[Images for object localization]
* * * * * * * * *

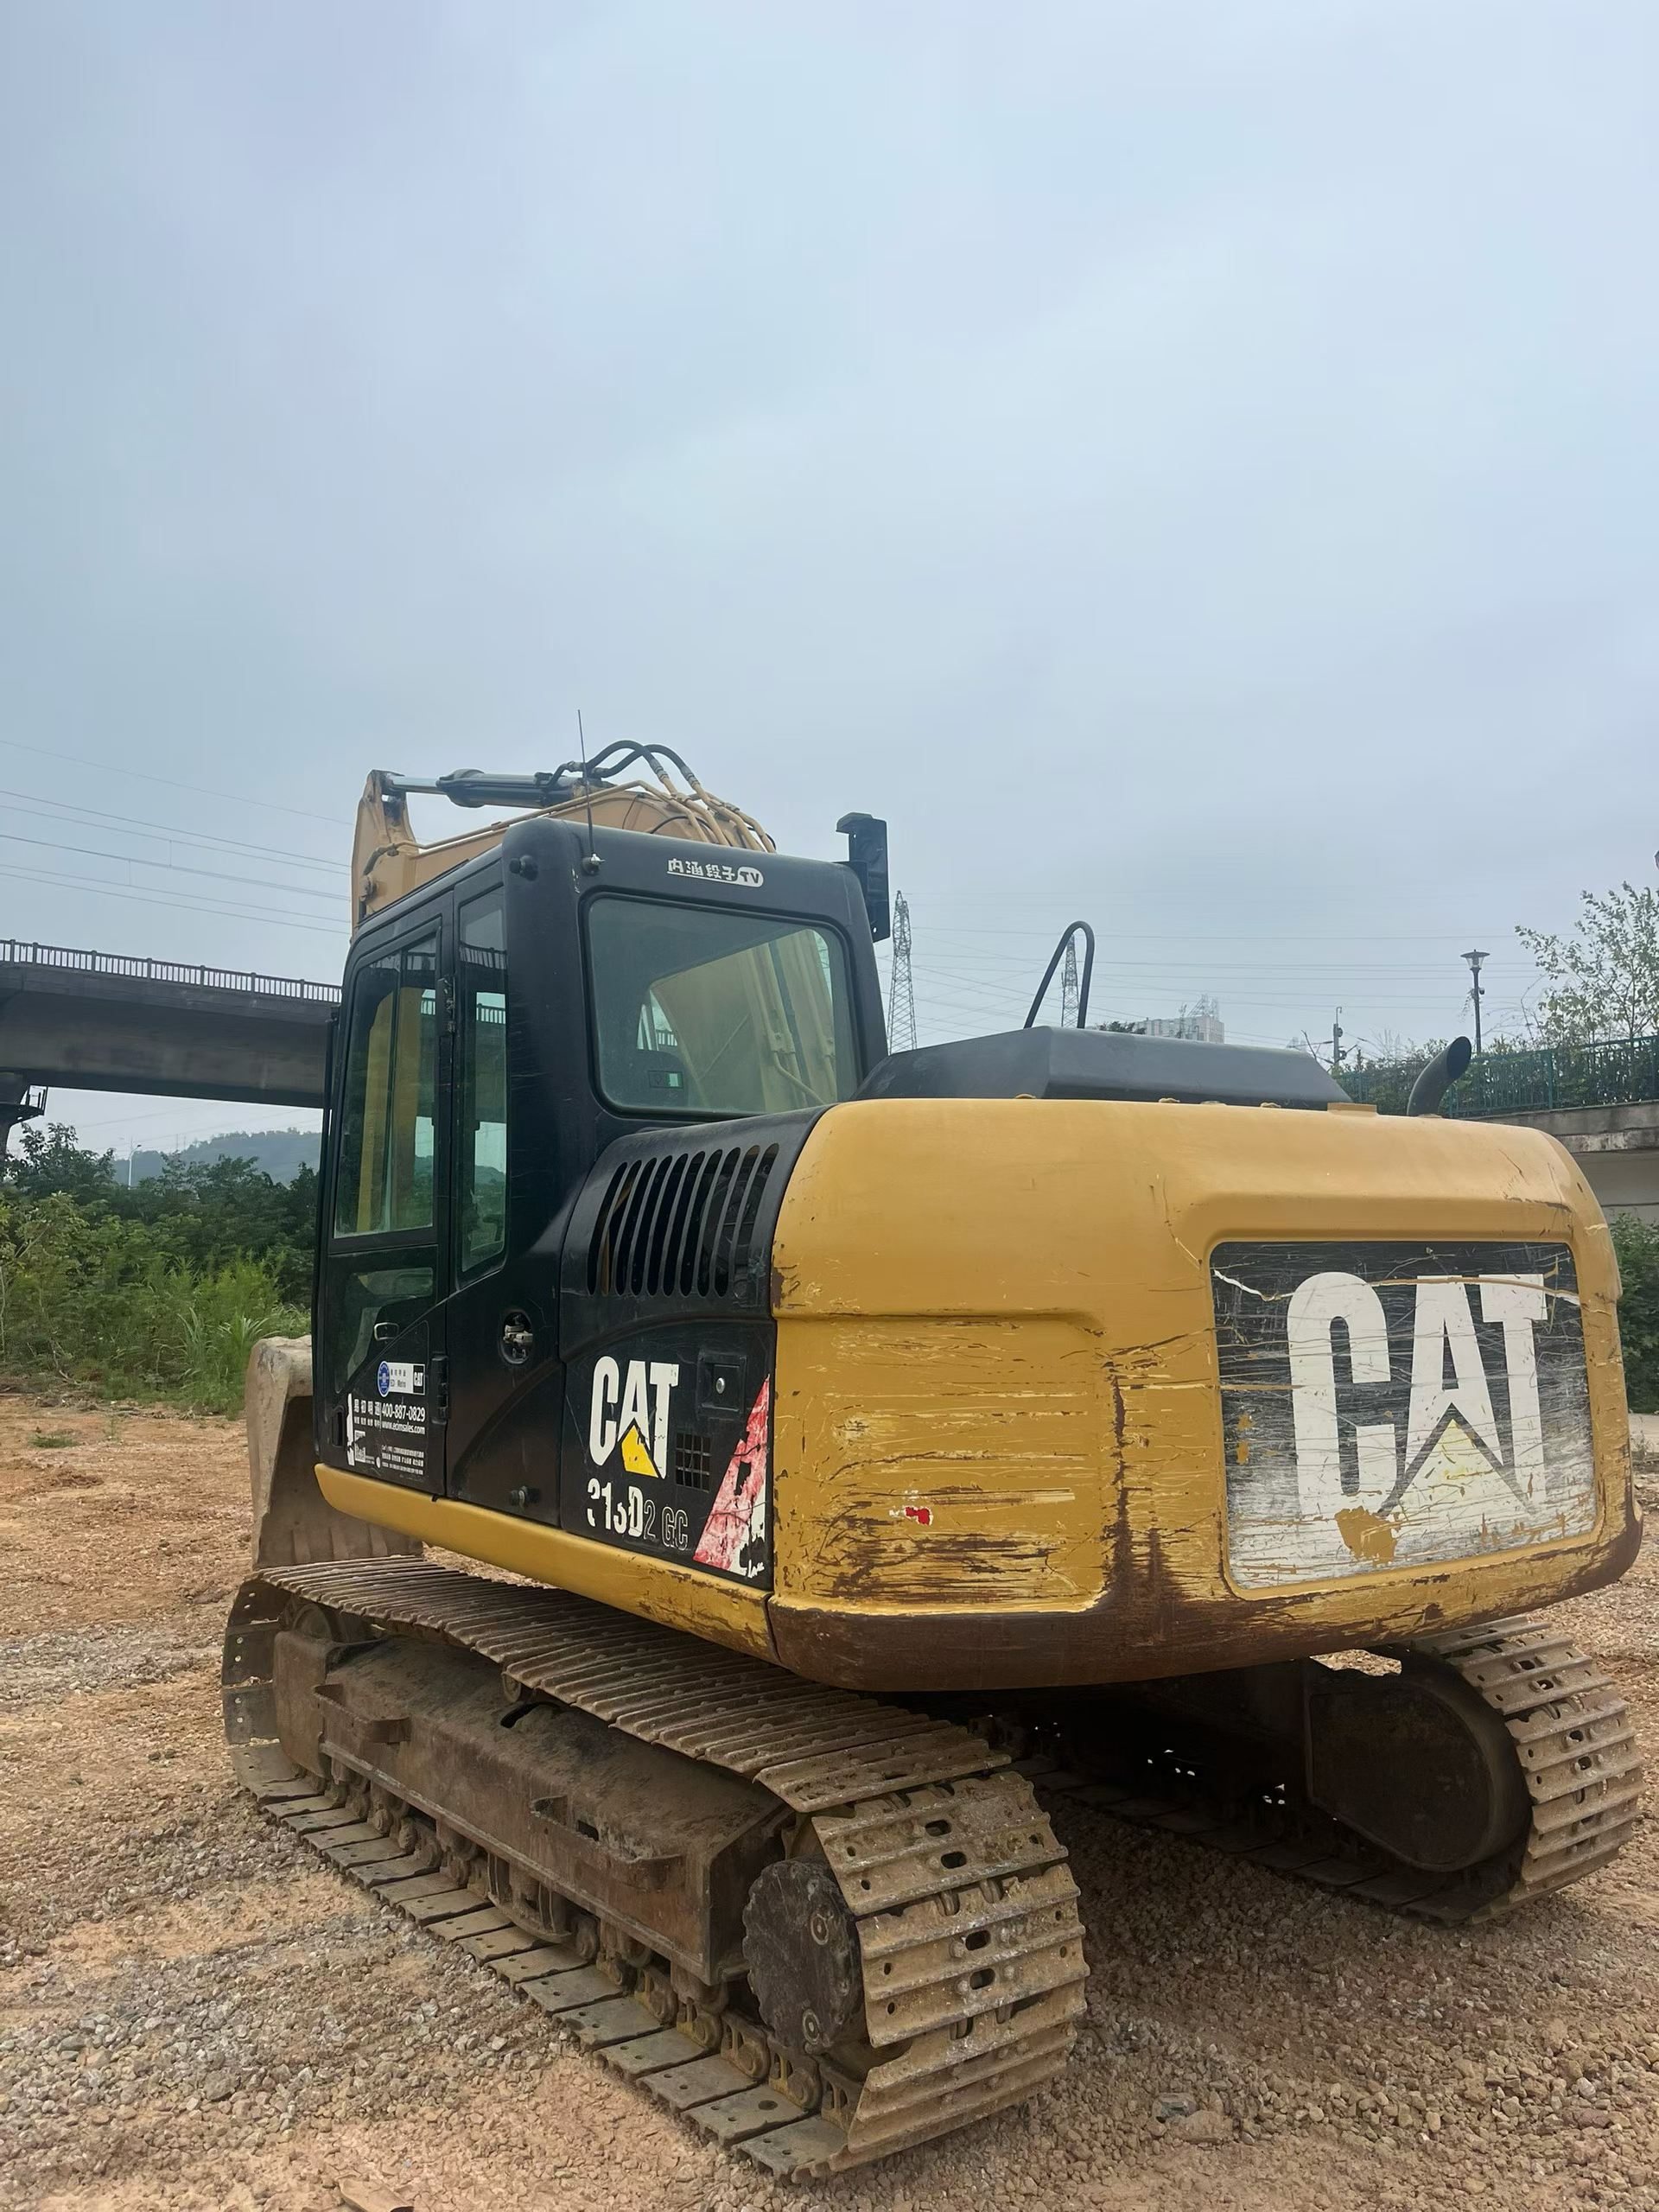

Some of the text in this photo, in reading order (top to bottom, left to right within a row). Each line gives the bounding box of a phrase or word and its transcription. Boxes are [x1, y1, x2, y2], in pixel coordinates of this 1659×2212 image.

[382, 1402, 426, 1422] 400-887-0829
[589, 1356, 679, 1478] CAT
[1287, 1272, 1548, 1517] CAT
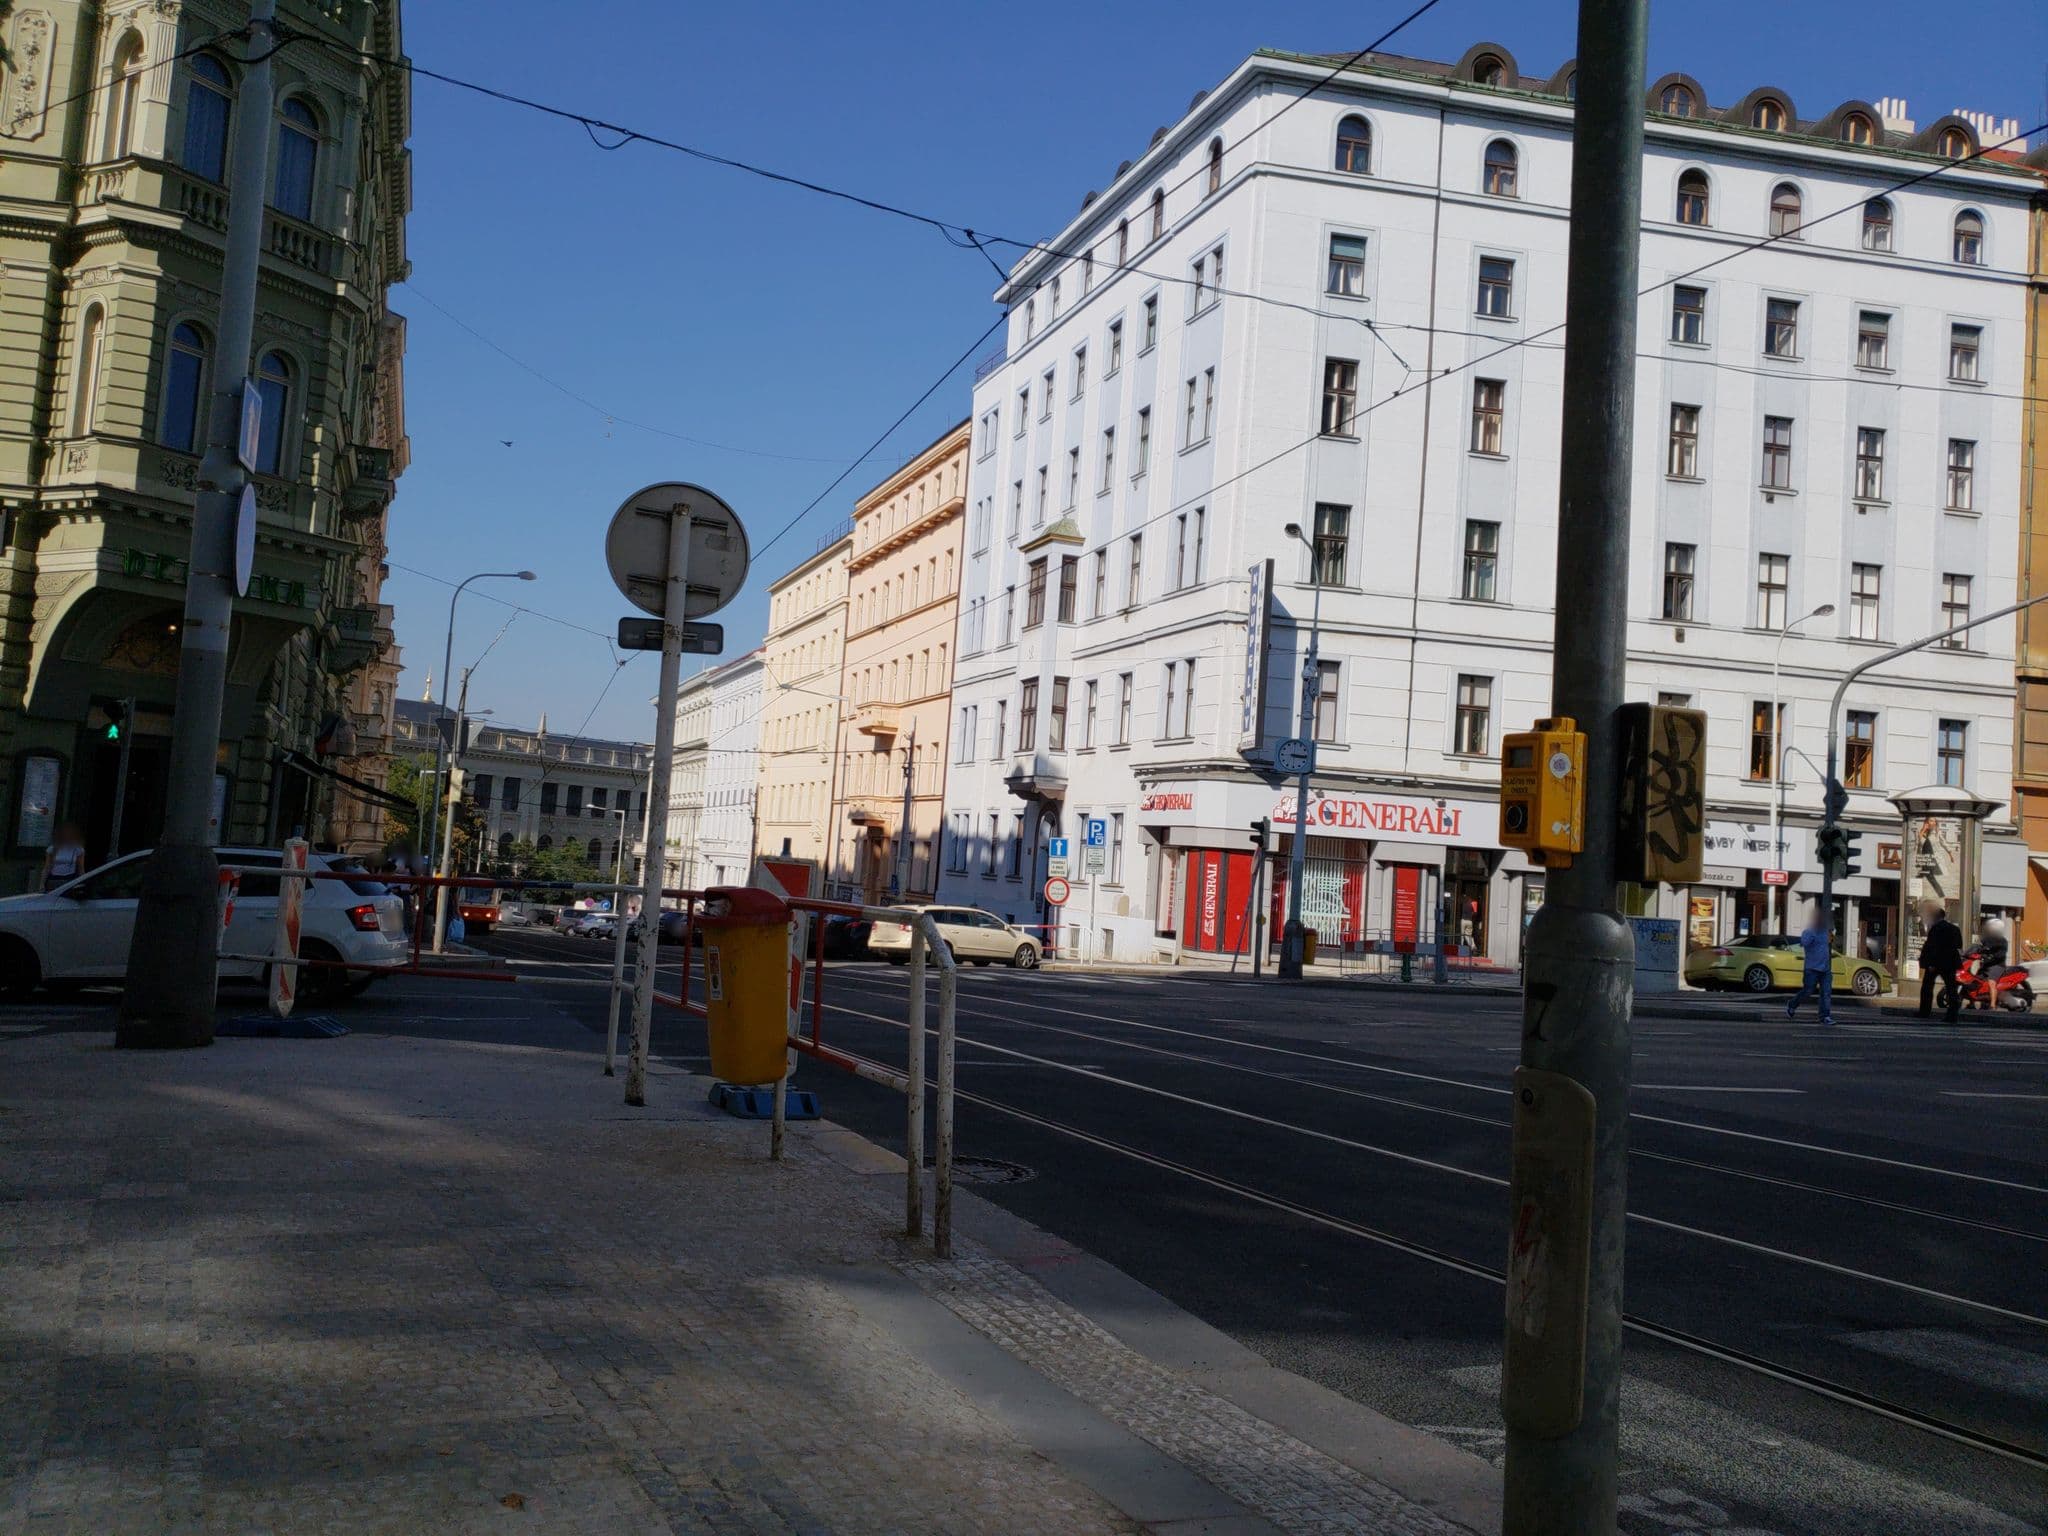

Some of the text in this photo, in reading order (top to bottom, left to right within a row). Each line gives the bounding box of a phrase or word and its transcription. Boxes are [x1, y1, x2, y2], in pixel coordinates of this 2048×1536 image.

[1244, 577, 1258, 728] KOUPELNY
[1153, 793, 1193, 811] GENERALI
[1318, 799, 1462, 836] GENERALI
[1091, 822, 1102, 838] P
[1204, 863, 1218, 918] GENERALI
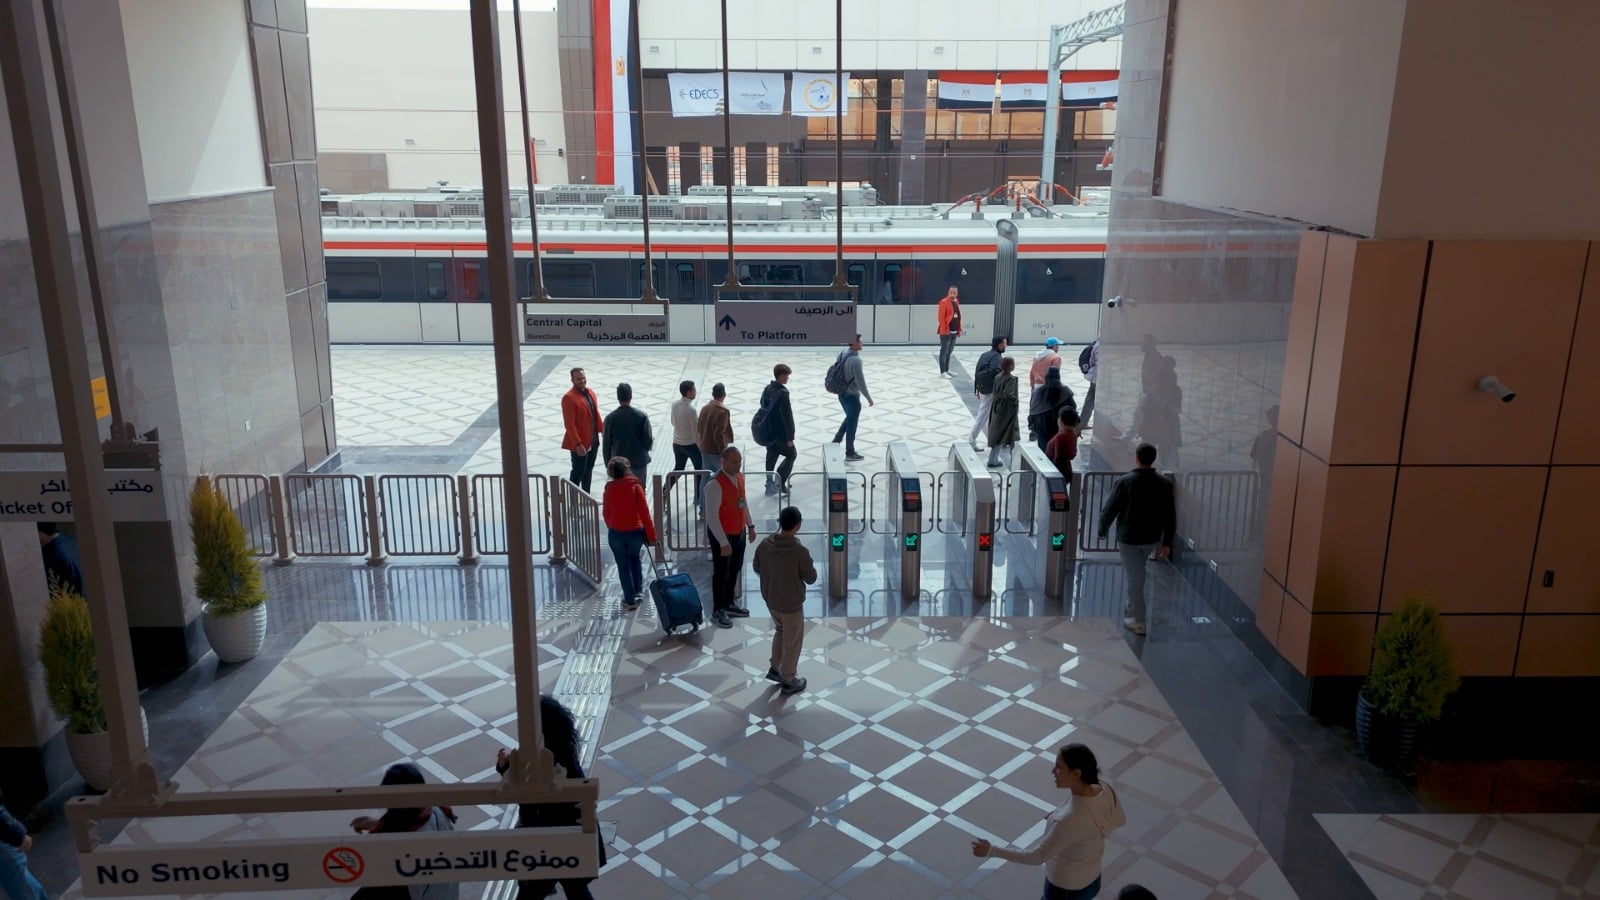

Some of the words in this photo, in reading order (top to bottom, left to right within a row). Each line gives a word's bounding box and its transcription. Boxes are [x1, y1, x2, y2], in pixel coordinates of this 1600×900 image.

[689, 88, 719, 100] EDECS
[795, 305, 833, 317] الرصيف
[527, 318, 564, 327] Central
[566, 318, 602, 330] Capital
[586, 332, 626, 342] المركزية
[627, 332, 666, 341] العاصمة
[741, 331, 754, 340] To
[758, 331, 807, 340] Platform
[107, 479, 153, 495] مكتب
[0, 501, 46, 514] icket
[395, 849, 497, 877] التدخين
[503, 849, 580, 872] ممنوع
[97, 865, 139, 884] No
[151, 859, 290, 883] Smoking

* * * * * * * * *

[EXERCISE DIRECTIONS] Your task is to set down every entry exactly, leaving out any picture it contains.

[ANSWER]
Some of the text in this photo, in reading order (top to bottom, left to right within a row). Each line gives the bounding box of a phrase or word and its transcription. Boxes are [x1, y1, x2, y2], in pixel coordinates of this 1659×2212 image.

[382, 1402, 426, 1422] 400-887-0829
[589, 1356, 679, 1478] CAT
[1287, 1272, 1548, 1517] CAT

Some of the text in this photo, in reading order (top to bottom, left to right within a row). Each line gives the bounding box of a phrase or word and its transcription. Boxes are [x1, y1, x2, y2], in pixel coordinates of this 2048×1536 image.

[1244, 577, 1258, 728] KOUPELNY
[1153, 793, 1193, 811] GENERALI
[1318, 799, 1462, 836] GENERALI
[1091, 822, 1102, 838] P
[1204, 863, 1218, 918] GENERALI

Some of the words in this photo, in reading order (top to bottom, left to right within a row). Each line gives a word's bounding box and its transcription. Boxes are [x1, y1, x2, y2], in pixel coordinates of this 1600×900 image.

[689, 88, 719, 100] EDECS
[795, 305, 833, 317] الرصيف
[527, 318, 564, 327] Central
[566, 318, 602, 330] Capital
[586, 332, 626, 342] المركزية
[627, 332, 666, 341] العاصمة
[741, 331, 754, 340] To
[758, 331, 807, 340] Platform
[107, 479, 153, 495] مكتب
[0, 501, 46, 514] icket
[395, 849, 497, 877] التدخين
[503, 849, 580, 872] ممنوع
[97, 865, 139, 884] No
[151, 859, 290, 883] Smoking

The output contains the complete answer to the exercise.